Silent Death-Alzheimer’s Disease story-1988
I first met Paul after his wife Mary introduced us. Mary worked at the gift shop of a local hospital. She was 79, Paul was 80. Paul suffered from Alzheimer’s Disease and Mary didn’t think he would receive quality treatment in a nursing home. She loved him too much and decided that she would take care of him until his death. Paul was totally dependent on Mary. He couldn’t speak, couldn’t walk and couldn’t take care of himself independently. She was his lifeline.
Mary had to move Paul using a hoist. It was a time-consuming process. If she needed to get Paul to bed, exercise, or the bathroom, the hoist was used. Otherwise, Paul could sit in his wheelchair.
Without a doubt this is my favorite picture of the story. This is easily my favorite photo that I’ve ever taken. To me this photo sums up the monstrous grip that Alzheimer’s Disease has on its victim. More than that, this photo screams undying love.

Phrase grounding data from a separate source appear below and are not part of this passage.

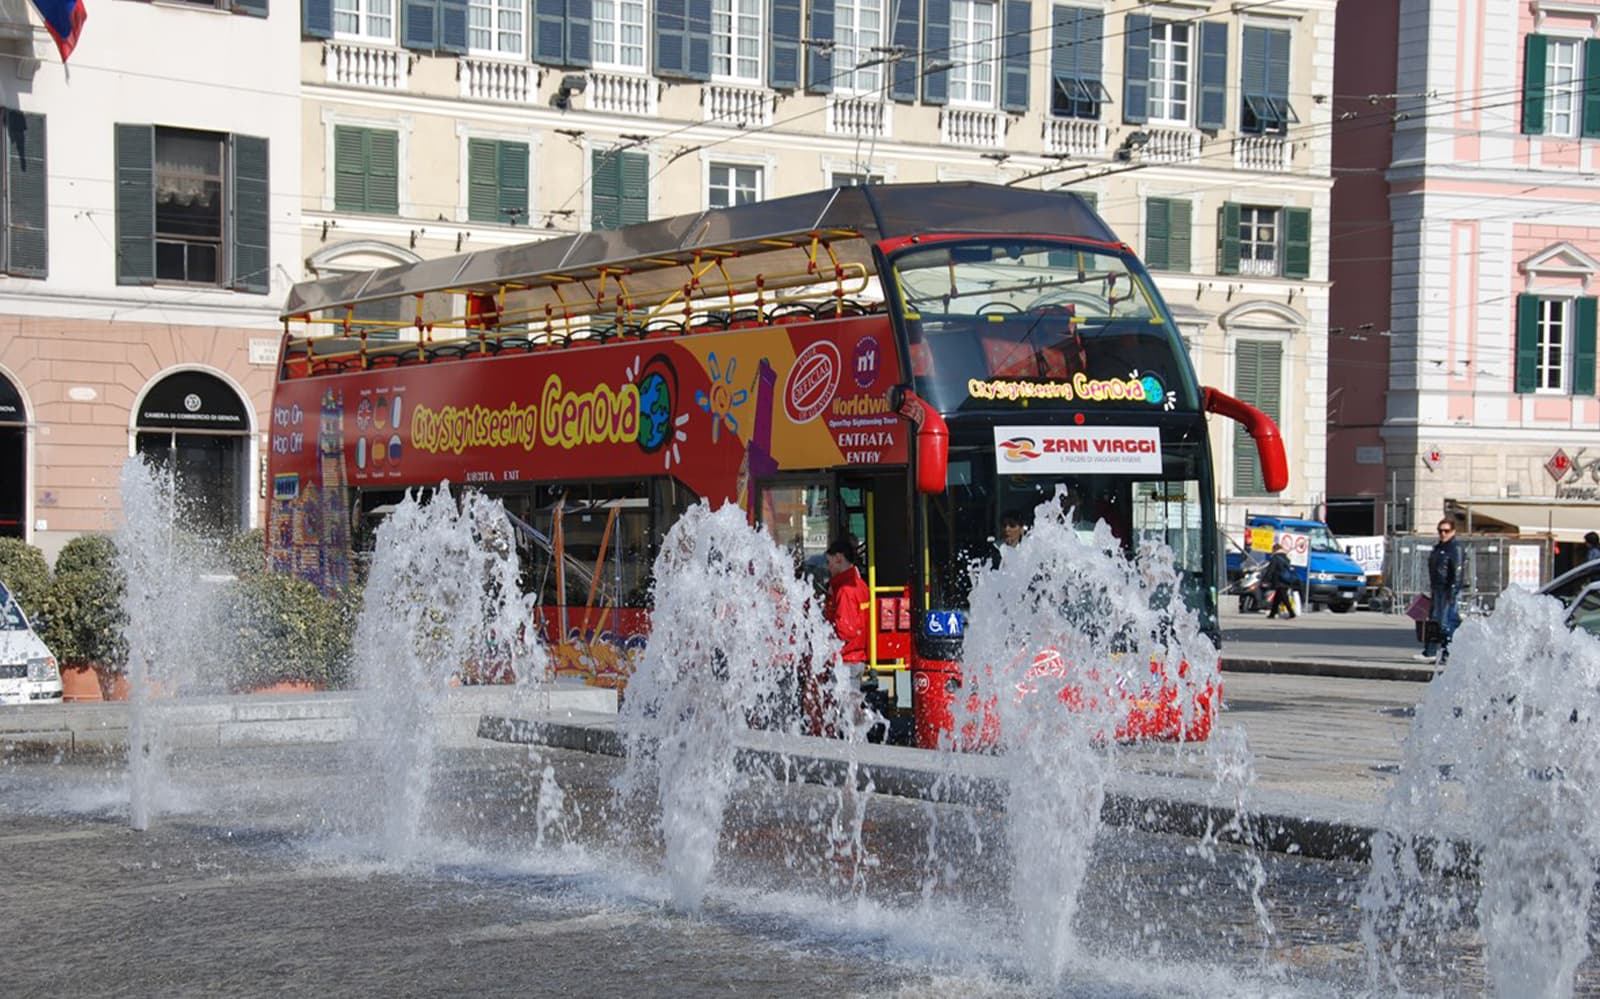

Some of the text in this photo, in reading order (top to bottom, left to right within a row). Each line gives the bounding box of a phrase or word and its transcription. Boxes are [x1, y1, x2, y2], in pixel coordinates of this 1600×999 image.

[1073, 372, 1145, 401] Genova
[144, 411, 169, 419] CAMERA
[273, 404, 304, 427] Hop On
[541, 374, 640, 449] Genova
[272, 431, 304, 455] Hop Off
[838, 432, 895, 447] ENTRATA
[1042, 438, 1156, 453] ZANI VIAGGI
[847, 451, 881, 464] ENTRY

Paul and Mary had met when they worked for the State Street Marshall Fields in the 1930s (I think). Paul worked security at Fields and would always make sure to visit the candy maker’s floor and scoop up handfuls of the tasty candy. My wife worked for Fields, in their Rockford store, so I thought a box of Frangos would be a nice gift to thank them for allowing me to spend so much time with them. I think I had been coming to their house for about three to four months at the time I took this picture. On this day, I gave them a pound box of the candy that my wife picked up for me. Mary wanted to give him some of the candy right away (I honestly never thought they’d have the candy while I was there). So she chopped up a bunch of the mints because he couldn’t eat the big pieces. What happened next forced me to choke back tears and would, ironically, come back to haunt me later in life. Paul tasted the mints and immediately, began to weep. Paul had a moment when he remembered. It had to be that. But those memories were trapped inside of him. He continued to cry. That was the only form of communication he could express.
I still remember Mary saying “He knows.” It’s that fresh in my mind today; it was that powerful. So she leans over and whispers into his ear, “Paul, I love you more than anything.” It was such a beautifully-tragic moment. It resonates in my soul to this very day.

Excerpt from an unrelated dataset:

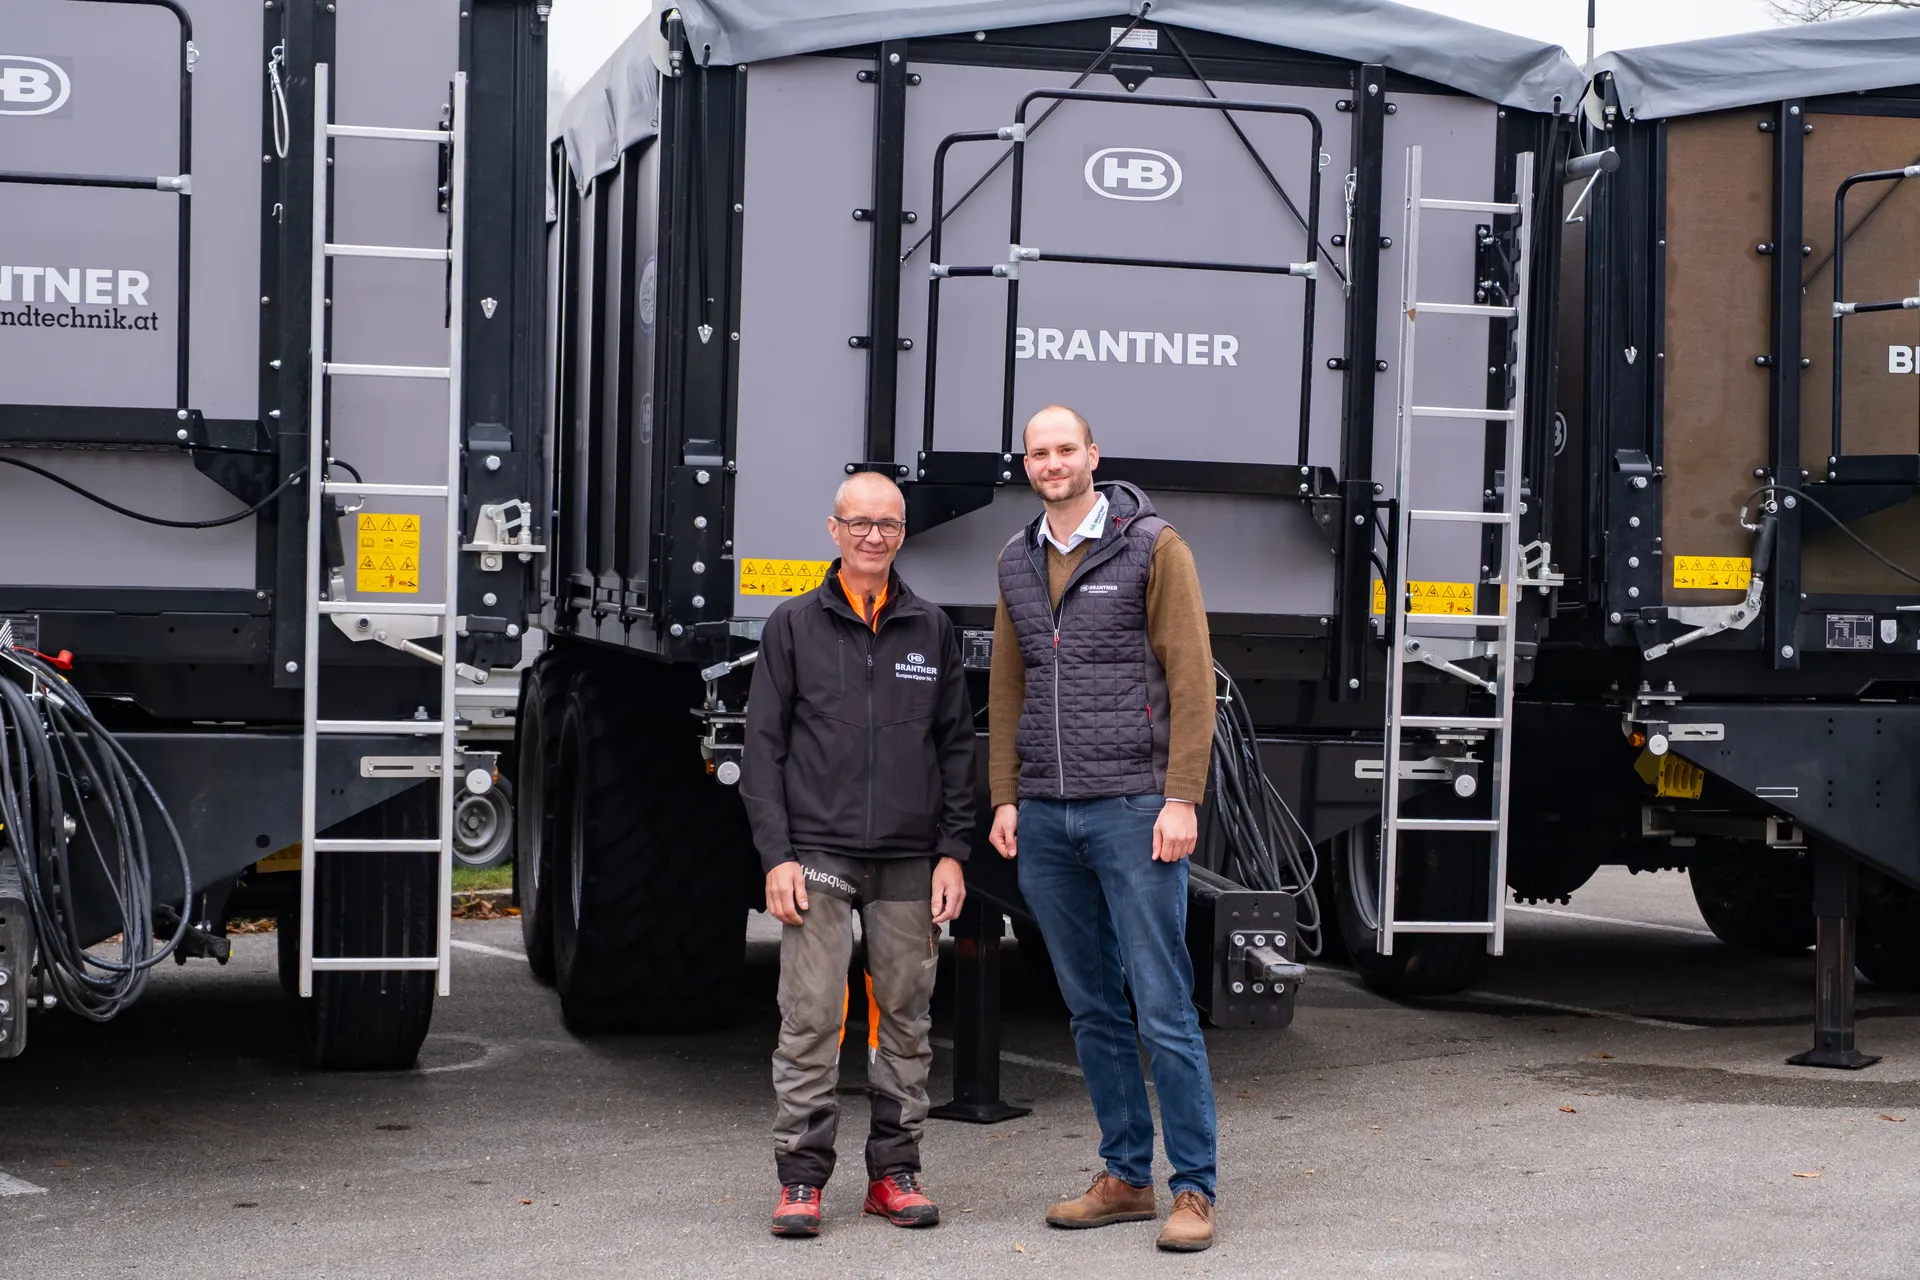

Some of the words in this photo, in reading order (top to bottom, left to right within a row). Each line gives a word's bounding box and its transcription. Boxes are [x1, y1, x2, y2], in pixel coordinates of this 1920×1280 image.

[1103, 157, 1168, 190] HB
[1015, 326, 1239, 367] BRANTNER
[1888, 345, 1920, 375] B
[895, 663, 937, 675] BRANTNER

This photo became my closing picture to the story, in a sense. I much preferred this photo as a closer than the one that I used in the published story. I shot this photo very early in the project which I ended up working on for about eight months. I was nearing the end of shooting and we had been working on designing the section, which I believe was a four-page special section. The writer Karen Warnke (Thibodeau) was brought into the process kind of late because the original writer got a new job and bailed on the story. We were pushing hard to get the story published shortly after Christmas (I think).
On New Year’s Day, I received a phone call from Mary and Paul’s son, Peter. I was the first non-family member they had called. Paul died on New Year’s Day; Paul and Mary’s wedding anniversary. Mary had told me that they had their usual ritual. She would exercise his limbs, and get him ready for bed. Since it was New Year’s Eve, they stayed up a little later. At midnight, Mary said she knelt down, kissed Paul and wished him a happy anniversary. He died in his sleep.
I really struggled with how to handle this as a friend and journalist. The story had to be changed. I ended up shooting a photo of Mary taking an evening walk, alone and that became the closer for the story. I think the photo of them sitting in front of the window is more fitting. I did go to the funeral, but did so as a friend, not a photographer. I question that decision, but as a person, I did what I would want to happen if the situation was reversed.
Here’s the cruel irony that I was referring to earlier about Paul and the Frangos. My grandfather was diagnosed with dementia, though I’m pretty sure it was Alzheimer’s. There were way too many parallels. Either way, my grandfather was trapped. He was Paul. My grandmother put him in a nursing home, one she used to work at. I remember the first time that grandpa met my first-born, Zach. “Z ” was just a few months old and we wanted grandpa to see his great-grandson. When he held Zach for the first time, he began to weep, uncontrollably. I could barely keep it together. Watching my grandfather helpless and trapped was more than I could handle. It was way too much like Paul and the Frangos. It was the last time I saw him alive. I couldn’t bring myself to visit him again after that. I wasn’t strong enough. The dementia/alzheimer’s ended up taking his life. I honestly don’t remember how long it was when I last saw him to when he died. I miss him terribly.
I’ll continue to share more of my work as the weeks progress. If I can figure out how to scan negatives without a negative scanner, I’ll have a lot more work to share. Otherwise, it’s what I have prints of. I never saved any of my digital work. I think I knew my time was up in the photojournalism world when the digital conversion began. A part of me will always be a photojournalist, but I’m a teacher now. This is just part of that journey that has helped me find true peace and happiness.
Guess what? Tomorrow-new music Tuesday! Until then……Peace!